Figure 1.

pG fibroblasts display telomeric abnormalities typical to ICF type I syndrome. (A) Methylation analysis of subtelomeric repeats with NBL-1 probe. DNA samples were digested with either HpaII (H) or MspI (M) restriction enzymes. Blots were hybridized with NBL-1 probe. Arrows point to hybridization bands that appear in HpaII-digested DNA due to hypomethylation of NBL-1 repeats. NBL-1 repeats are heavily methylated in Cord Blood DNA (CB), therefore are not digested with HpaII. (B) Methylation analysis of subtelomeric repeats with Hutel probe. DNA samples were digested with either SauAI (S) or MboI (Mb) restriction enzymes. Blots were hybridized with Hutel probe. Arrows point to hybridization bands that appear in SauAI-digested DNA due to hypomethylation of Hutel repeats. Hutel repeats, which are heavily methylated in cord blood DNA, are not digested with SauAI. (C) Methylation analysis of satellite 2 repeats.
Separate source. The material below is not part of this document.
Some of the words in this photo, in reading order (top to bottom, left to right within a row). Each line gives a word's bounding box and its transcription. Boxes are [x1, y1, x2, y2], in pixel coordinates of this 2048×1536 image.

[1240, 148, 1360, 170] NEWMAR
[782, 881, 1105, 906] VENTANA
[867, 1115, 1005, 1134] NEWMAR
Following digestion with BstBI restriction enzyme, DNA was hybridized with a satellite 2 probe. DNA hypomethylated at these repeats is visualized as bands at the lower molecular range, while methylated satellite 2 repeats appear as high molecular bands, as demonstrated with CB and primary fibroblast DNA (FSE). (D) Northern analysis of TERRA expression in pG fibroblasts with and without expression of ectopic hTERT. Northern analysis was carried out with a C-rich (TAACCC)₃ probe. Hybridization signals to a β-actin probe on the same blot are shown in the lower panel. The passage (P) and PD at which RNA was extracted from pG fibroblasts, are indicated blow the blots.